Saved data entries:
**********

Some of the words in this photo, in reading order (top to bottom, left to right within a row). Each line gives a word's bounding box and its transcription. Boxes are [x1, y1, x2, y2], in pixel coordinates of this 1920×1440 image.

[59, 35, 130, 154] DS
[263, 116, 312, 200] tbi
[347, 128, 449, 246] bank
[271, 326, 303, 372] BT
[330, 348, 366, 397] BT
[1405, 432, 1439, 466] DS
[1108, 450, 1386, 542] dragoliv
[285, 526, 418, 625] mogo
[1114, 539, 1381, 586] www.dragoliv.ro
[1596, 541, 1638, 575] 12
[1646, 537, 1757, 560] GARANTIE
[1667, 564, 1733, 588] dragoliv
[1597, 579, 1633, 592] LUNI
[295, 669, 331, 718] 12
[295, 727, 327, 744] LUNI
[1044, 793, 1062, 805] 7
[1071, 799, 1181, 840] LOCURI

**********

How to complete this task: Each entry shown above is to be duplicated exactly.

Response box:
Some of the words in this photo, in reading order (top to bottom, left to right within a row). Each line gives a word's bounding box and its transcription. Boxes are [x1, y1, x2, y2], in pixel coordinates of this 1920×1440 image.

[59, 35, 130, 154] DS
[263, 116, 312, 200] tbi
[347, 128, 449, 246] bank
[271, 326, 303, 372] BT
[330, 348, 366, 397] BT
[1405, 432, 1439, 466] DS
[1108, 450, 1386, 542] dragoliv
[285, 526, 418, 625] mogo
[1114, 539, 1381, 586] www.dragoliv.ro
[1596, 541, 1638, 575] 12
[1646, 537, 1757, 560] GARANTIE
[1667, 564, 1733, 588] dragoliv
[1597, 579, 1633, 592] LUNI
[295, 669, 331, 718] 12
[295, 727, 327, 744] LUNI
[1044, 793, 1062, 805] 7
[1071, 799, 1181, 840] LOCURI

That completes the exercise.